El fallo que la obligó a callar abrió una discusión mayor.
El punto no es sólo jurídico. El punto es la velocidad. En Tucumán, la Justicia puede dormir años sobre causas sensibles, pero cuando el poder se siente rozado por una acusación política, de pronto aparece lúcida, expeditiva y pedagógica. No sólo interviene: además deja moraleja. El fallo no resuelve únicamente un conflicto entre partes. También emite una señal al resto: cuidado con lo que se dice, cuidado con a quién se señala.
Fallos que enseñan
Molinuevo había acusado a Jaldo de haber anticipado un fallo antes de que ella misma fuera notificada. Después llegó la respuesta judicial, con tono de correctivo. Y ahí es donde la escena deja de ser un simple pleito por el honor para transformarse en un síntoma institucional. Porque en una provincia donde hace años circulan sospechas sobre la cercanía entre el poder político y ciertos sectores del poder judicial, cada resolución de alto voltaje político se lee también como un gesto de alineamiento.

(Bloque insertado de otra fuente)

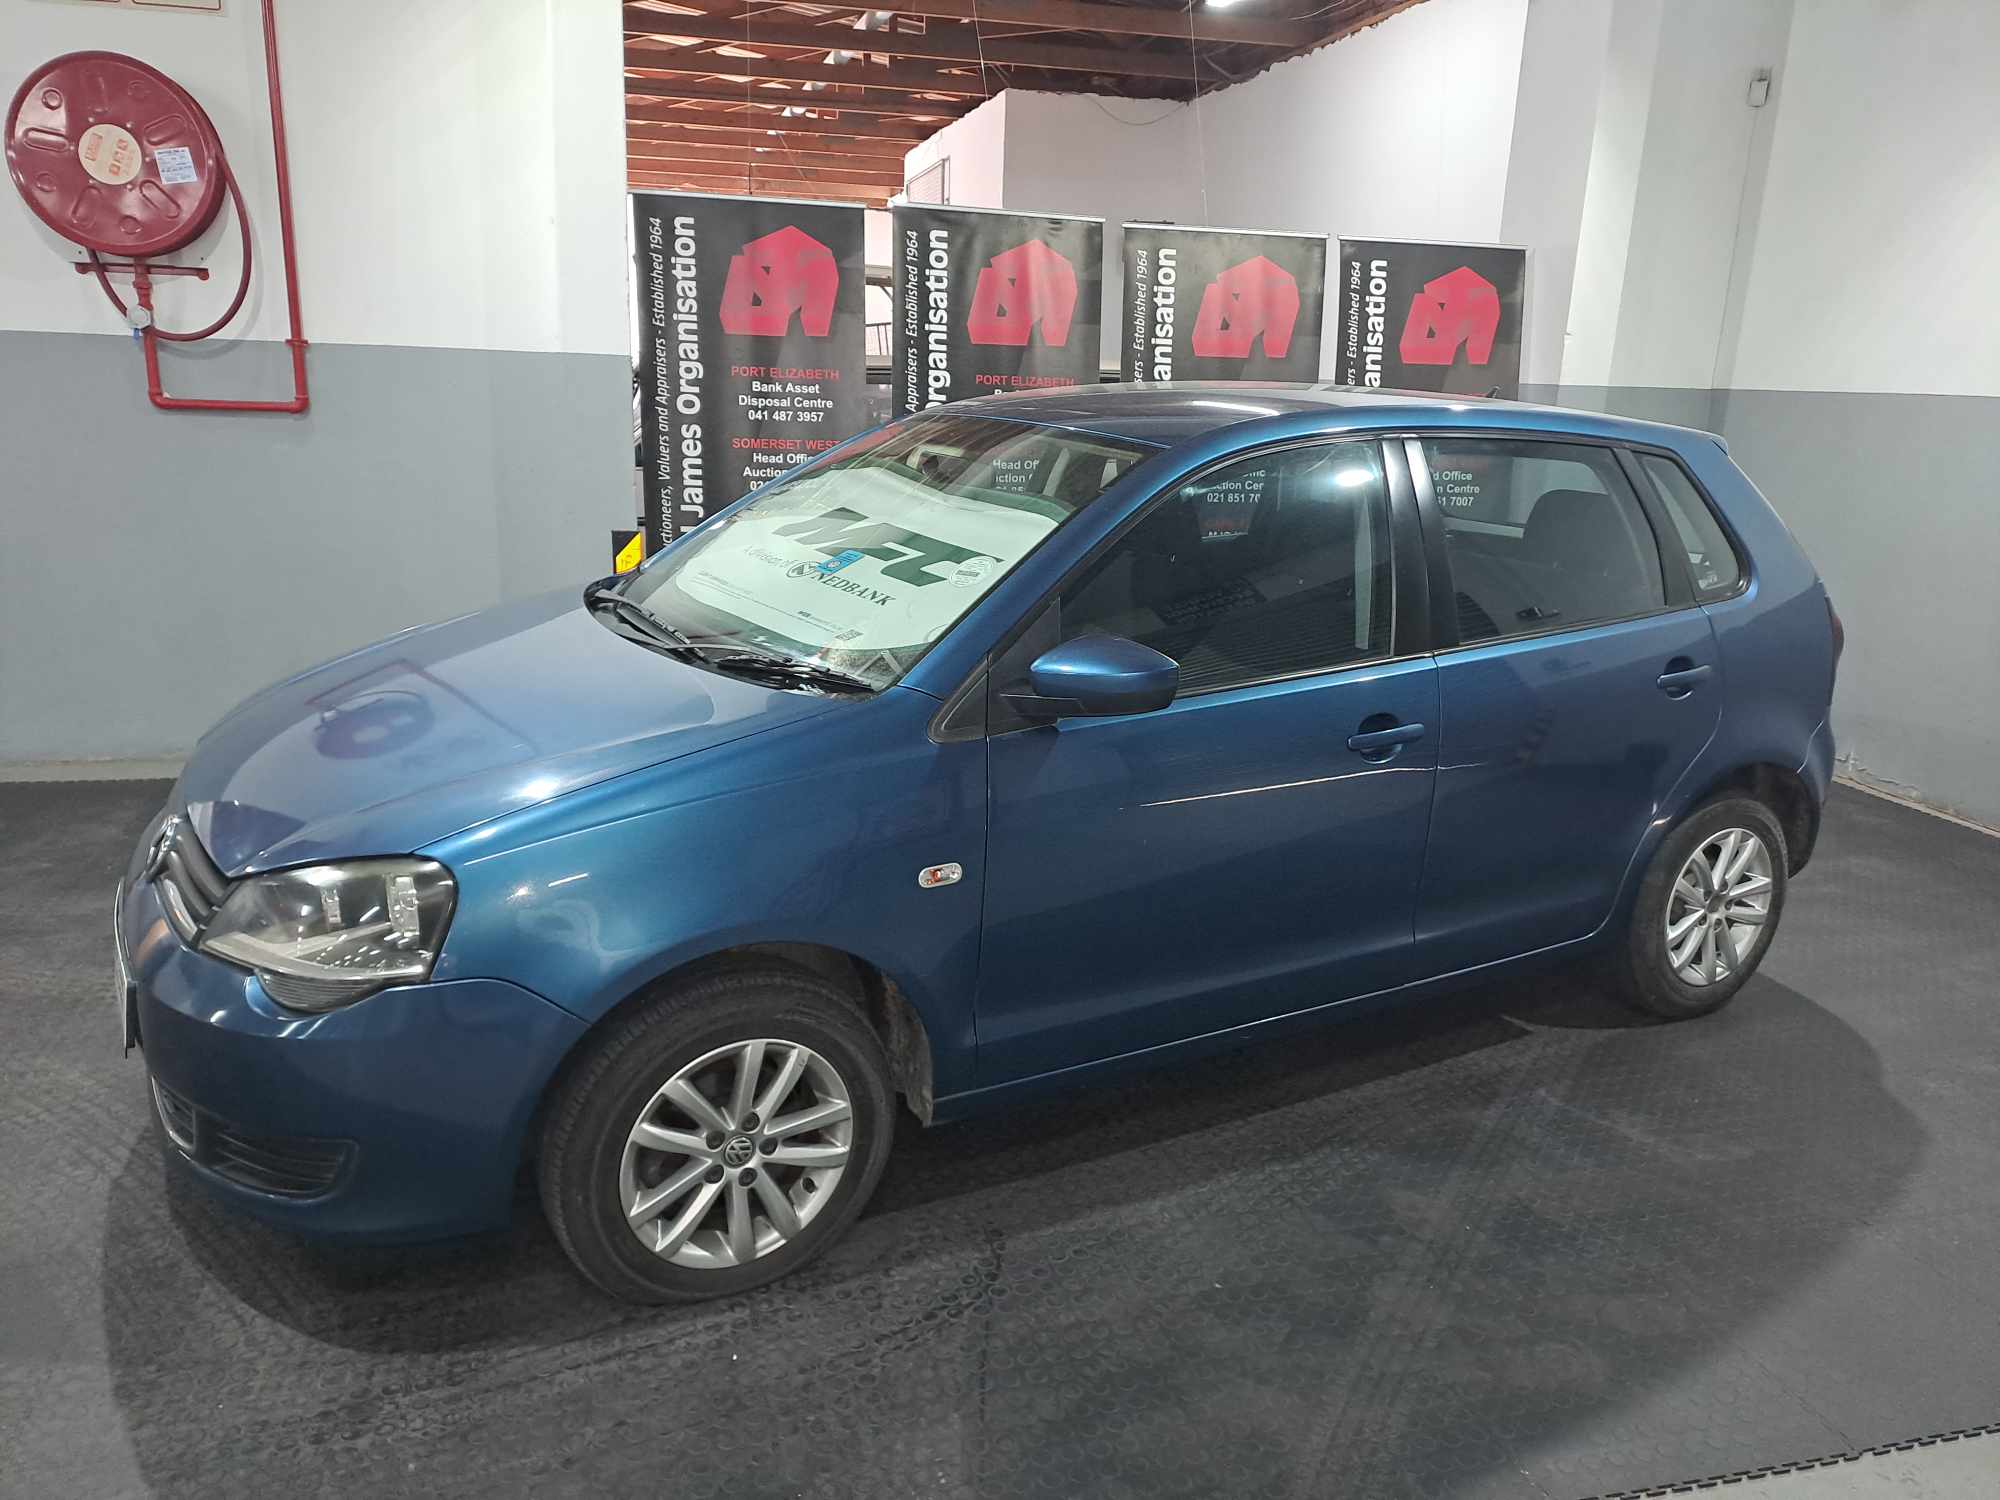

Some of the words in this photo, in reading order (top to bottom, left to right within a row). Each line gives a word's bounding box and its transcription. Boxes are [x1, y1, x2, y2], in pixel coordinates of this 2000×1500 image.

[648, 217, 663, 249] 1964
[906, 230, 919, 262] 1964
[1136, 249, 1148, 279] 1964
[1350, 261, 1361, 290] 1964
[649, 252, 665, 327] Established
[905, 264, 919, 338] Established
[670, 216, 704, 415] Organisation
[1132, 282, 1147, 351] Established
[1346, 292, 1360, 359] Established
[653, 337, 670, 405] Appraisers
[731, 366, 766, 377] PORT
[769, 367, 840, 379] ELIZABETH
[904, 347, 920, 412] Appraisers
[975, 374, 1008, 385] PORT
[738, 395, 791, 409] Disposal
[794, 397, 834, 409] Centre
[752, 381, 783, 393] Bank
[785, 382, 820, 394] Asset
[655, 407, 668, 432] and
[748, 409, 769, 421] 041
[772, 410, 793, 421] 487
[797, 411, 824, 423] 3957
[657, 436, 671, 480] Valuers
[732, 438, 803, 450] SOMERSET
[753, 452, 784, 464] Head
[680, 423, 704, 519] James
[1442, 471, 1473, 481] Office
[1207, 493, 1224, 503] 021
[1227, 493, 1245, 503] 851
[1446, 484, 1480, 494] Centre
[1450, 496, 1474, 506] 7007
[660, 486, 674, 546] ctioneers,
[809, 572, 897, 606] NEDBANK
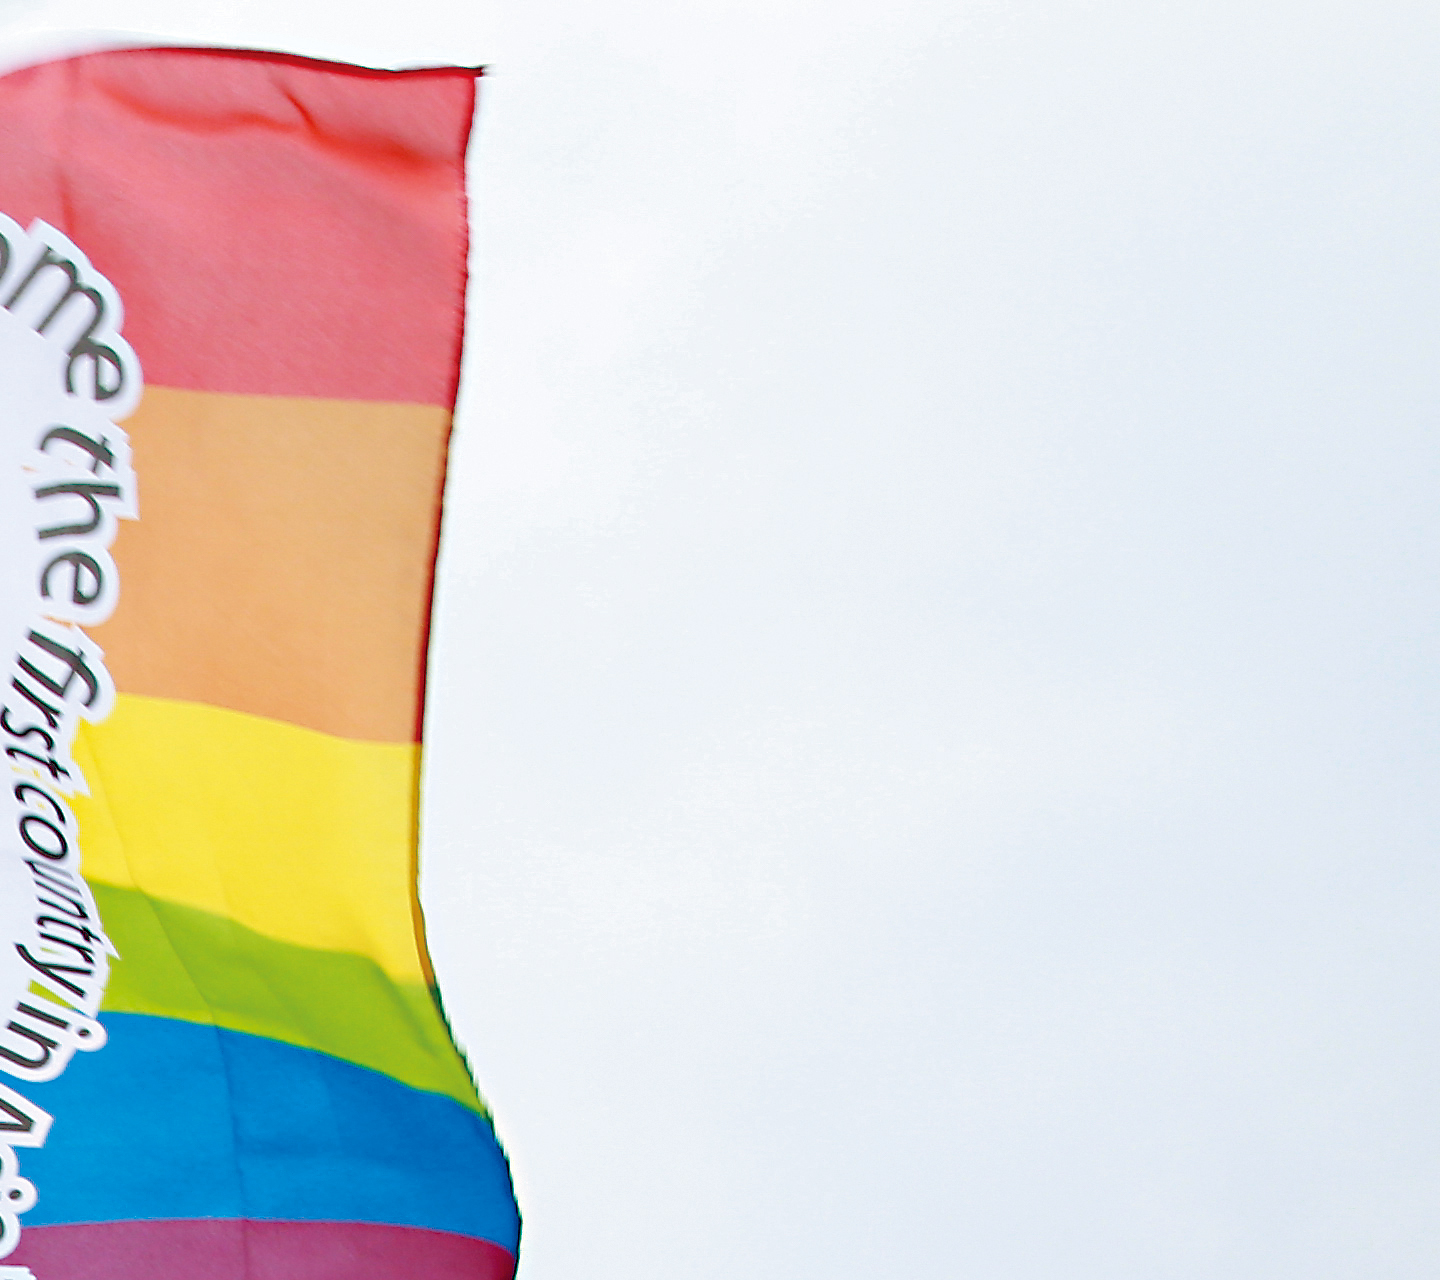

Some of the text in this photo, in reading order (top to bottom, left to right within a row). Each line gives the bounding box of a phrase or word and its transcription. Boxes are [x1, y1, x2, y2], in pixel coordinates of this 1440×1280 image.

[36, 426, 122, 606] the
[0, 630, 99, 782] first
[15, 782, 95, 998] country

Los antecedentes pesan. El caso del ex juez Enrique Pedicone, que denunció presiones de Daniel Leiva y salpicó en esa trama a la conducción política de entonces, sigue funcionando como una herida abierta en la memoria institucional tucumana.
Más reciente aún fue la detención del abogado Gustavo Morales, celebrada políticamente por el propio gobernador en la Legislatura. Distintos episodios, sí. Pero todos alimentan la misma sospecha: en Tucumán, el poder no sólo gobierna; también ordena el clima en el que se administra justicia.

Por eso el problema no es únicamente Jaldo, ni solamente Molinuevo. El problema es una mecánica. Una provincia donde siempre aparecen nombres conocidos orbitando alrededor de los momentos decisivos. Una provincia donde el ciudadano de a pie ya no discute si hay independencia plena, sino cuánto margen queda antes de que la política vuelva a entrar por la ventana del tribunal.
Y cuando eso pasa, el fallo deja de ser sólo un fallo. Se vuelve escenografía. Se vuelve advertencia.
Se vuelve ejemplificador. En Tucumán, a veces la Justicia no parece ciega: parece orientada.